| Directions for this task |
A faithful copy of all the records is needed, with the pictures omitted.

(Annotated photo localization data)
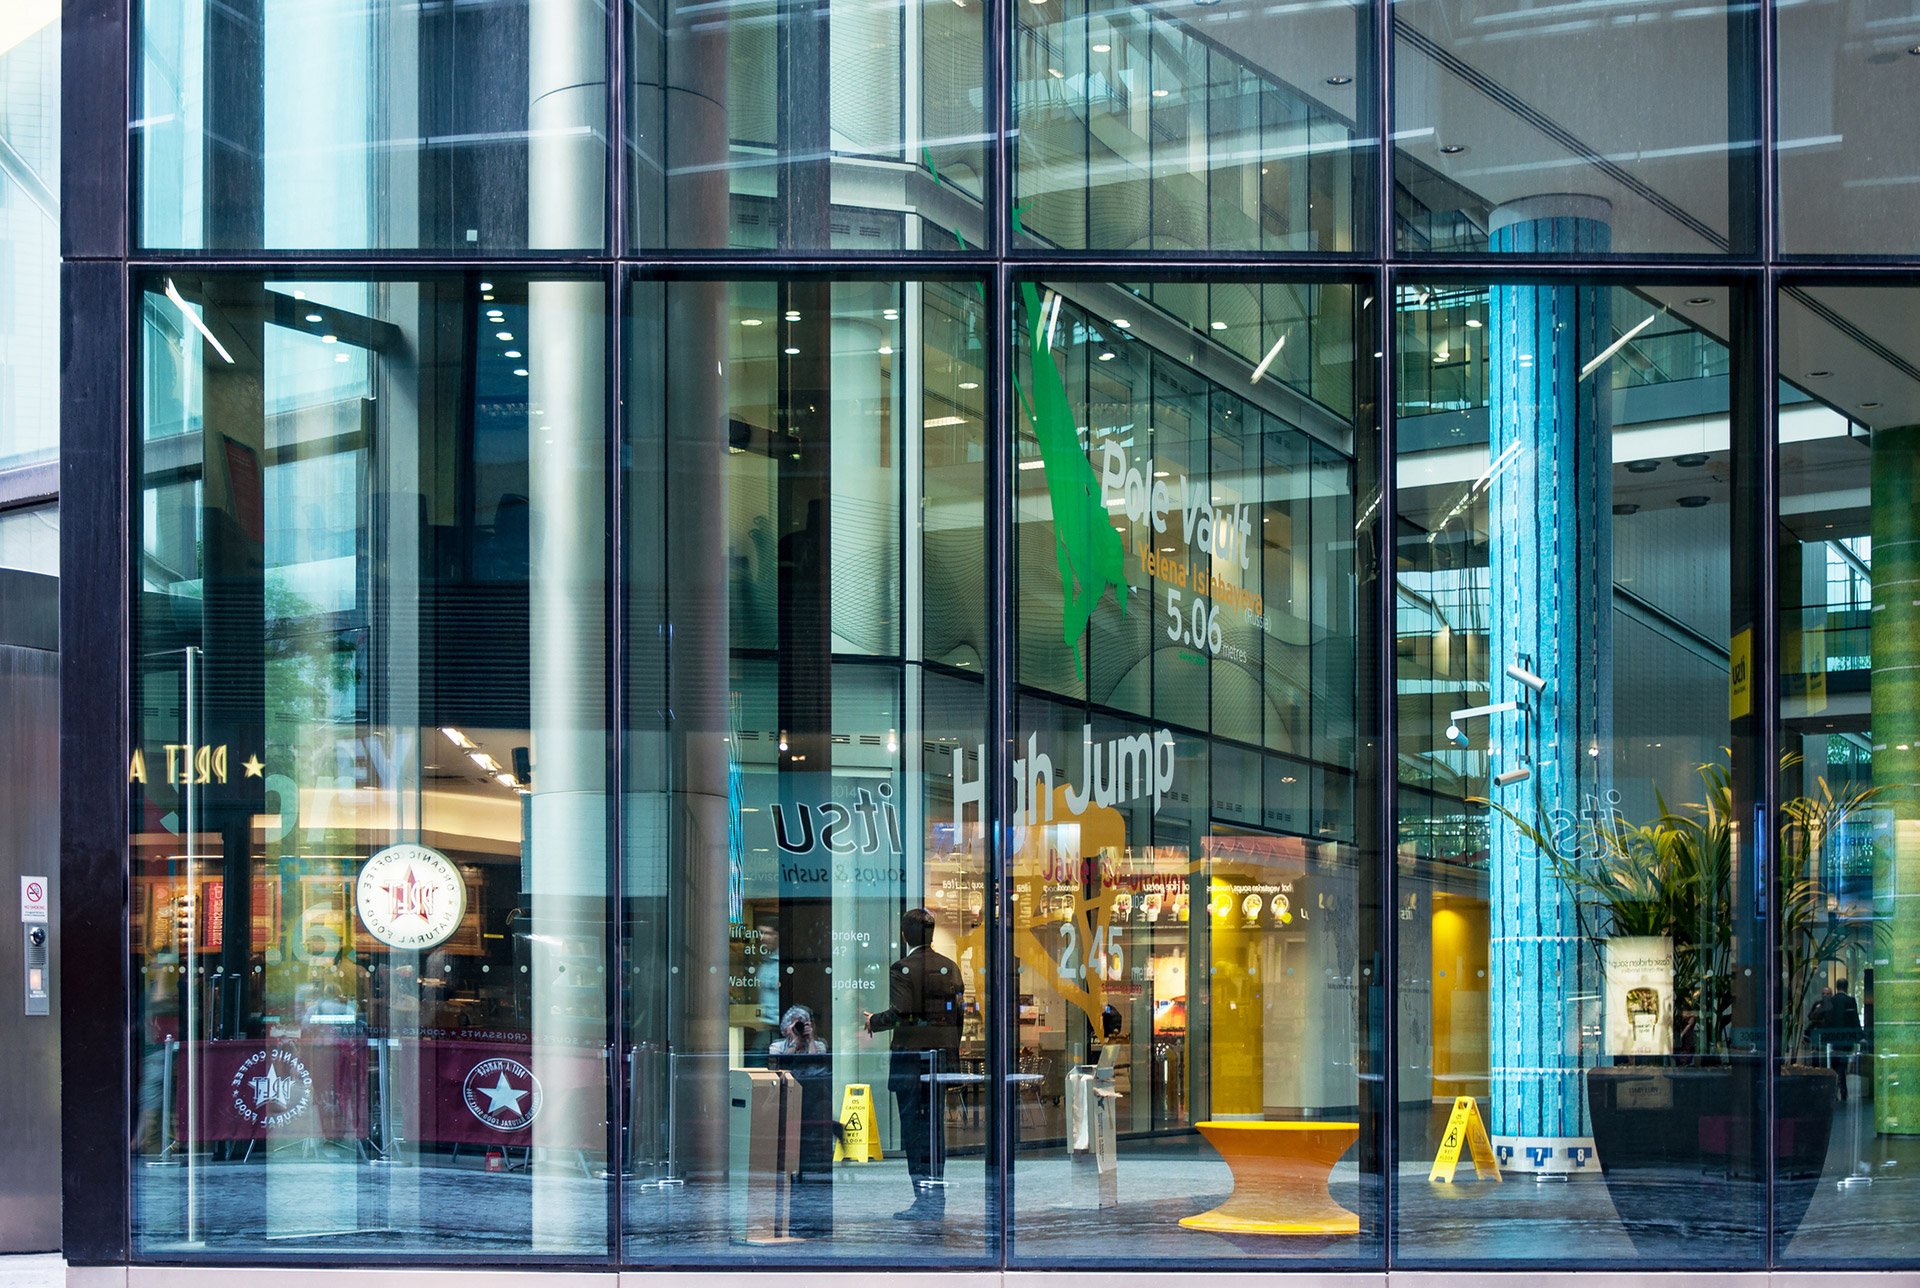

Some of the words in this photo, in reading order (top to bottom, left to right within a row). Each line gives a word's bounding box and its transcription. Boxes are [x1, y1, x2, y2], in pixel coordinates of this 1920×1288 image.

[1101, 438, 1169, 534] Pole
[1180, 474, 1252, 570] Vault
[1137, 541, 1187, 588] Yelena
[1193, 563, 1264, 619] Isinbayeva
[1167, 588, 1222, 654] 5.06
[1244, 607, 1272, 633] (Russia)
[1223, 642, 1248, 664] metres
[953, 731, 1053, 854] Hgh
[1064, 724, 1175, 816] Jump
[745, 929, 765, 941] any
[831, 929, 871, 942] broken
[744, 945, 756, 955] at
[1059, 922, 1124, 981] 2.45
[728, 975, 761, 987] Watch
[831, 977, 876, 991] updates
[1501, 1147, 1507, 1161] 6
[1535, 1149, 1543, 1162] 7
[1576, 1149, 1585, 1162] 8
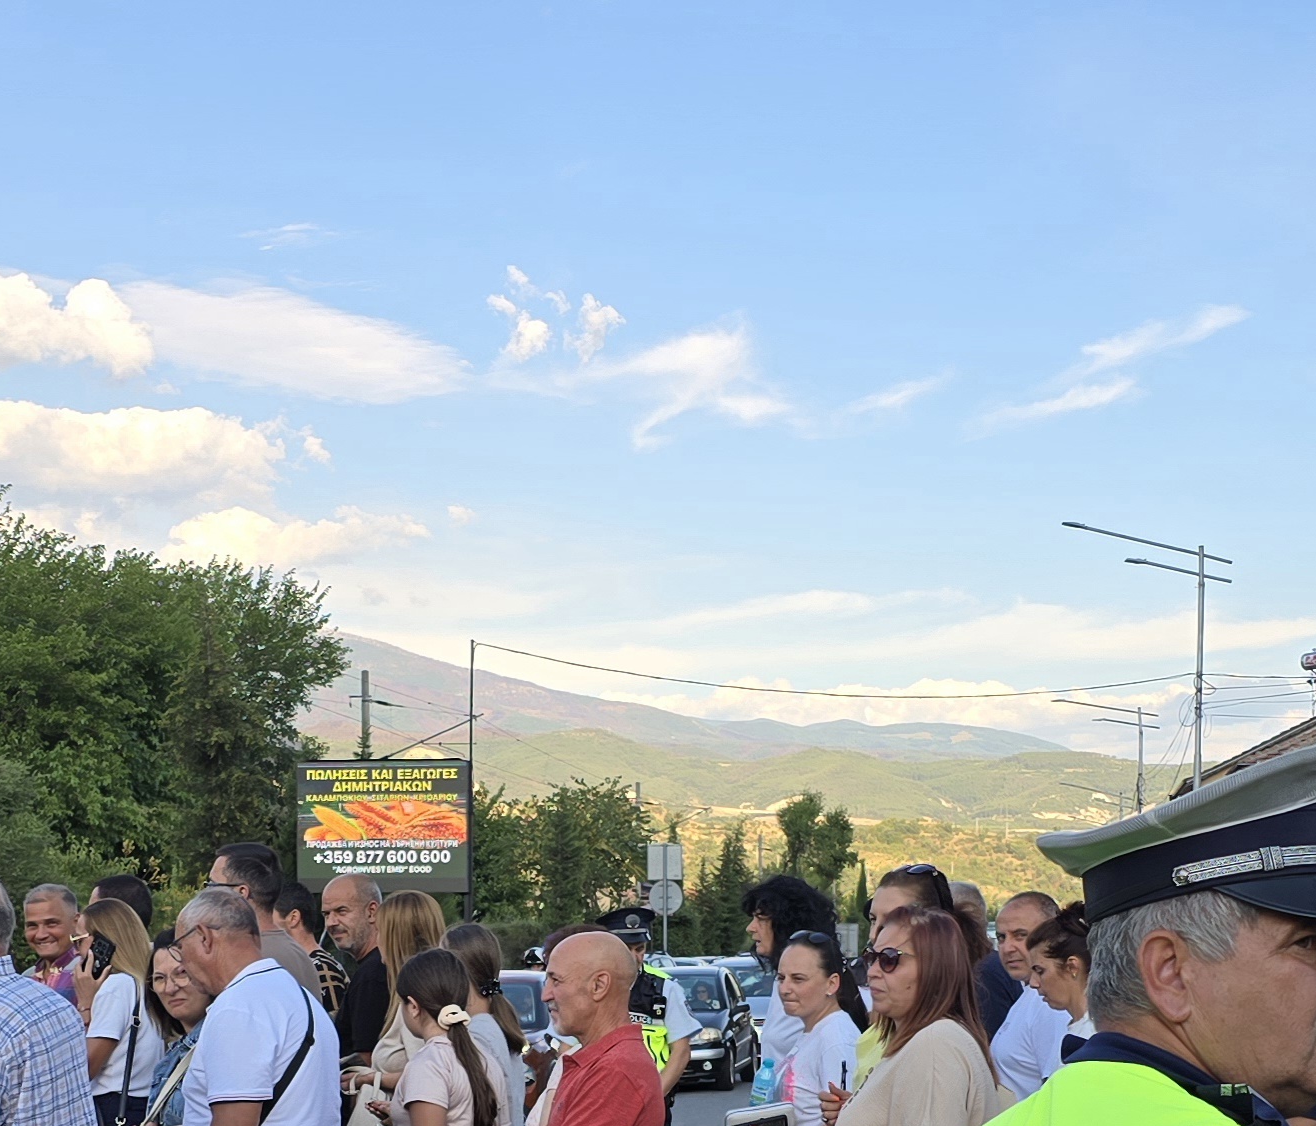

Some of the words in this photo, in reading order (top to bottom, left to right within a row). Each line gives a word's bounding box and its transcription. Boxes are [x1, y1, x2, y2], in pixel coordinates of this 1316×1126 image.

| Output of the task |
Some of the words in this photo, in reading order (top to bottom, left to right within a row). Each line gives a word's bounding box and its transcription. Boxes are [x1, y1, x2, y2], in pixel coordinates of this 1920×1288 image.

[1101, 438, 1169, 534] Pole
[1180, 474, 1252, 570] Vault
[1137, 541, 1187, 588] Yelena
[1193, 563, 1264, 619] Isinbayeva
[1167, 588, 1222, 654] 5.06
[1244, 607, 1272, 633] (Russia)
[1223, 642, 1248, 664] metres
[953, 731, 1053, 854] Hgh
[1064, 724, 1175, 816] Jump
[745, 929, 765, 941] any
[831, 929, 871, 942] broken
[744, 945, 756, 955] at
[1059, 922, 1124, 981] 2.45
[728, 975, 761, 987] Watch
[831, 977, 876, 991] updates
[1501, 1147, 1507, 1161] 6
[1535, 1149, 1543, 1162] 7
[1576, 1149, 1585, 1162] 8

Some of the words in this photo, in reading order (top to bottom, left to right within a row). Each line gives a word's bounding box and its transcription. Boxes are [x1, y1, x2, y2], in pixel coordinates of this 1316×1126 image.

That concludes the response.